┌─ Records for the task

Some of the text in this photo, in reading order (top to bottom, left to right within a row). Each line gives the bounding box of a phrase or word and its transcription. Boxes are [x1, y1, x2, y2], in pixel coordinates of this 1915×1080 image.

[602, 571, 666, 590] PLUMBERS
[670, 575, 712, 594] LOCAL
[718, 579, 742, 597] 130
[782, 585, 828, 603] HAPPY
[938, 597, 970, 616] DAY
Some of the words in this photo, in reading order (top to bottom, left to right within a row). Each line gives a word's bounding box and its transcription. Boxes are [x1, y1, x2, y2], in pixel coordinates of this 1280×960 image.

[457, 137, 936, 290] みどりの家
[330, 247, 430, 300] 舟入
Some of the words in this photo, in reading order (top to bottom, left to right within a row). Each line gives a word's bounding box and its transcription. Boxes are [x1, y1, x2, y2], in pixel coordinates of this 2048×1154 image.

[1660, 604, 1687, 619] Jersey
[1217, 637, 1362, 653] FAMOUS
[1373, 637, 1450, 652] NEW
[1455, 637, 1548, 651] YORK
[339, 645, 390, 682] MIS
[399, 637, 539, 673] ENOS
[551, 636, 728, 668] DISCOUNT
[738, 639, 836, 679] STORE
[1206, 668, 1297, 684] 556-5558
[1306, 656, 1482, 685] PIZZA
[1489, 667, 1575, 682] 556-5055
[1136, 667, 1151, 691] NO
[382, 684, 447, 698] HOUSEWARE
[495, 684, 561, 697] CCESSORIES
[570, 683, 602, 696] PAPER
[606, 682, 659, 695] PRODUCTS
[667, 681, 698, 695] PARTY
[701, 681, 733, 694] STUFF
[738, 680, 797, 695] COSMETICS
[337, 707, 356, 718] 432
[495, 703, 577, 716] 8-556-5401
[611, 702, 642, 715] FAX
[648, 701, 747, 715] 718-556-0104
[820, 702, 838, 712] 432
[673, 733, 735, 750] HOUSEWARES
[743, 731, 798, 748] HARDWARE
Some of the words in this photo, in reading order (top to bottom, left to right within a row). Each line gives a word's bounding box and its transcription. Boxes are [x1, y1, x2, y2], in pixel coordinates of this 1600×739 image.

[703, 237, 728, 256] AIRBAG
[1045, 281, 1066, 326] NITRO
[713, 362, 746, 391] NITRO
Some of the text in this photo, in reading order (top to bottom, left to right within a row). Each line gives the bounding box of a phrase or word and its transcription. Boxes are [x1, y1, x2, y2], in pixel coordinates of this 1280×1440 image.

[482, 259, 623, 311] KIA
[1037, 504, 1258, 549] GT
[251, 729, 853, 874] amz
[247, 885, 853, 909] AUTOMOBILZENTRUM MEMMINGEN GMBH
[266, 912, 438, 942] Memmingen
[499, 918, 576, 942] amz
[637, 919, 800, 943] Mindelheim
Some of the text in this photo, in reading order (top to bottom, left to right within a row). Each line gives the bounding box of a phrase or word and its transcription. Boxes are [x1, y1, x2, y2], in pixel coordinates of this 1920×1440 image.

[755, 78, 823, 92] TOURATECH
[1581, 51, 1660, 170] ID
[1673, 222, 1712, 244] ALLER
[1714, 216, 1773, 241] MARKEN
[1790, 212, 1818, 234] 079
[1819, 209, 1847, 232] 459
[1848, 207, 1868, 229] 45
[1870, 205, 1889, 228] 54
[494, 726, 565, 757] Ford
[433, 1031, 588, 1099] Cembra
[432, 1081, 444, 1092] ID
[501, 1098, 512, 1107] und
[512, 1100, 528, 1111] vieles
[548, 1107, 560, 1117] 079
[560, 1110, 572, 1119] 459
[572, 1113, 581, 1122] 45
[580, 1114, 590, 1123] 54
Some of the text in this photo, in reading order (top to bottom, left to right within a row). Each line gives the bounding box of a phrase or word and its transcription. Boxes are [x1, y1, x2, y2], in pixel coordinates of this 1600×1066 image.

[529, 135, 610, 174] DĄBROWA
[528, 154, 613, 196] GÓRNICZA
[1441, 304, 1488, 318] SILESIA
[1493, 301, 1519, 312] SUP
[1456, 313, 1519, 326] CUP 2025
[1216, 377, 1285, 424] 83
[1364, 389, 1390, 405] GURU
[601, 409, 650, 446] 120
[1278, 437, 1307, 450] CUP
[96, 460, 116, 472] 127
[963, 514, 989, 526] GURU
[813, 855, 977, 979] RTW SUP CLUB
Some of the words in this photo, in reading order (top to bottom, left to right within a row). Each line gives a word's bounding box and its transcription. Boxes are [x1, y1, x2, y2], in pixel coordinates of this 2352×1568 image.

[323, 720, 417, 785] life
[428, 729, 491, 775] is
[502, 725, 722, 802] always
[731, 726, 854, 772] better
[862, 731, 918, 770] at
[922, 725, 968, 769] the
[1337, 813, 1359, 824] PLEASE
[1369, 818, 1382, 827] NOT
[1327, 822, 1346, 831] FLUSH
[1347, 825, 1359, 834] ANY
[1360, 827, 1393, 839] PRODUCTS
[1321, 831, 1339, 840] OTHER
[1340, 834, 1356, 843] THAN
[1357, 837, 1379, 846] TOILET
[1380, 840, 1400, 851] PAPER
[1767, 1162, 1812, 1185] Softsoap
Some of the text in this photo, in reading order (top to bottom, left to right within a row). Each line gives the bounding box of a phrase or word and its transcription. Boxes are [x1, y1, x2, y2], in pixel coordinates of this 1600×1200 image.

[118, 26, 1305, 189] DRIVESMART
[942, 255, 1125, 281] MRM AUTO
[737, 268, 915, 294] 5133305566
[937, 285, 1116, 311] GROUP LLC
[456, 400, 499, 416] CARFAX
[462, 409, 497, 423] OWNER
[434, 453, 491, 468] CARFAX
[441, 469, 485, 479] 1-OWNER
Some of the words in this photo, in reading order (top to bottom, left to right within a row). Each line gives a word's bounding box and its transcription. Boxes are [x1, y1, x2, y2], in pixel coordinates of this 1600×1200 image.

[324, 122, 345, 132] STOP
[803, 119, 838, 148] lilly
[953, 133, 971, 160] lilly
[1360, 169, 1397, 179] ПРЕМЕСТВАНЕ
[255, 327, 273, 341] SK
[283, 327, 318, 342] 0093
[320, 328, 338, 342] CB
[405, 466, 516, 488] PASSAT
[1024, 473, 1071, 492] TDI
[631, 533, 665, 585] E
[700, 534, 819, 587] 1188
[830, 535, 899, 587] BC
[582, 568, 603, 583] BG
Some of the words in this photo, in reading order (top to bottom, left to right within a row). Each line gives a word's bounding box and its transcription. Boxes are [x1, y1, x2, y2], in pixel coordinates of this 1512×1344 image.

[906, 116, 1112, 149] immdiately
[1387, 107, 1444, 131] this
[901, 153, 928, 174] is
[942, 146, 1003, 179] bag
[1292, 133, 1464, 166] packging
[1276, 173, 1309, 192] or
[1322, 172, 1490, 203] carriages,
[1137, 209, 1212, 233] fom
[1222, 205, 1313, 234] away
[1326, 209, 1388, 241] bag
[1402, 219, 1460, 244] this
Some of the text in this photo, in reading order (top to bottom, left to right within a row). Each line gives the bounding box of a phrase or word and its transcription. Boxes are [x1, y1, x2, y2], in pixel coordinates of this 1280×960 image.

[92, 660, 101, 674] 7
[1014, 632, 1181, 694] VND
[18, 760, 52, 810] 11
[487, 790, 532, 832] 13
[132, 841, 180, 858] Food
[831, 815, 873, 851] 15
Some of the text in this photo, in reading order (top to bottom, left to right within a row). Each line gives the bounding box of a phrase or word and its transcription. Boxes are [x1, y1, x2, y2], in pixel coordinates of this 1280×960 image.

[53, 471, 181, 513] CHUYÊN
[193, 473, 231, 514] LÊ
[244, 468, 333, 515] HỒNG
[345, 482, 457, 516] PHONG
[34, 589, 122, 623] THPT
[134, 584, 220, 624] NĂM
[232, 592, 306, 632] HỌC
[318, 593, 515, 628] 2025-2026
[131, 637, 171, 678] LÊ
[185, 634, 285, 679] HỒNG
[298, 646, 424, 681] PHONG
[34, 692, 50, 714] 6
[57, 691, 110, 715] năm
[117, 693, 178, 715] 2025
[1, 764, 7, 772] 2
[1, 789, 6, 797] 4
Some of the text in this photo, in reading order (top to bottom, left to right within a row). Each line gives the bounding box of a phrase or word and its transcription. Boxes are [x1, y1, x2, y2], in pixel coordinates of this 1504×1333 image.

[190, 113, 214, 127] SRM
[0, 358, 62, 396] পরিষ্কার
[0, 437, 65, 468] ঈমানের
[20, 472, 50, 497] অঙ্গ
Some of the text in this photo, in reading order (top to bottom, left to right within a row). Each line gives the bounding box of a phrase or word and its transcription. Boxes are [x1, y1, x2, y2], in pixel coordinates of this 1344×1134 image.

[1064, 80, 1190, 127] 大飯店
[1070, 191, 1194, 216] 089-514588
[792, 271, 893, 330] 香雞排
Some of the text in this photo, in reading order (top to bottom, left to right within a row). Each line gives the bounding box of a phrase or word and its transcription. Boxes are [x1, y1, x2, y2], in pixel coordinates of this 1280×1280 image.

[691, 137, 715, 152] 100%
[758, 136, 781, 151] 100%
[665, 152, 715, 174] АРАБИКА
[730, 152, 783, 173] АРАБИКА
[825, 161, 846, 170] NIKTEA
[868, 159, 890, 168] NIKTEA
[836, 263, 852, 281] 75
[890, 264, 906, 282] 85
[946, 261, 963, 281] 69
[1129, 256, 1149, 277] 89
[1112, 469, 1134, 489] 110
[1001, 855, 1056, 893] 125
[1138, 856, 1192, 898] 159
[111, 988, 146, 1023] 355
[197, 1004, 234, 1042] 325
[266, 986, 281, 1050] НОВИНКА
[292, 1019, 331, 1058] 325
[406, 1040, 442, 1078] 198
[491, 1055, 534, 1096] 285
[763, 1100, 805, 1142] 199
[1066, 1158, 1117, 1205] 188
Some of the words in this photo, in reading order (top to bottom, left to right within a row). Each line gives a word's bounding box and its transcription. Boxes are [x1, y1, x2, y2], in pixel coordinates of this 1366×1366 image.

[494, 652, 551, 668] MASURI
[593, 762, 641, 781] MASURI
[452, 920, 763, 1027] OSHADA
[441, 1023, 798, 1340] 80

└─

* **Task**
Please restate word for word the lines of the material above, beginning with the one that holds "this 1366×1366 image." and ending with the last.

* **Solution to this problem**
Some of the words in this photo, in reading order (top to bottom, left to right within a row). Each line gives a word's bounding box and its transcription. Boxes are [x1, y1, x2, y2], in pixel coordinates of this 1366×1366 image.

[494, 652, 551, 668] MASURI
[593, 762, 641, 781] MASURI
[452, 920, 763, 1027] OSHADA
[441, 1023, 798, 1340] 80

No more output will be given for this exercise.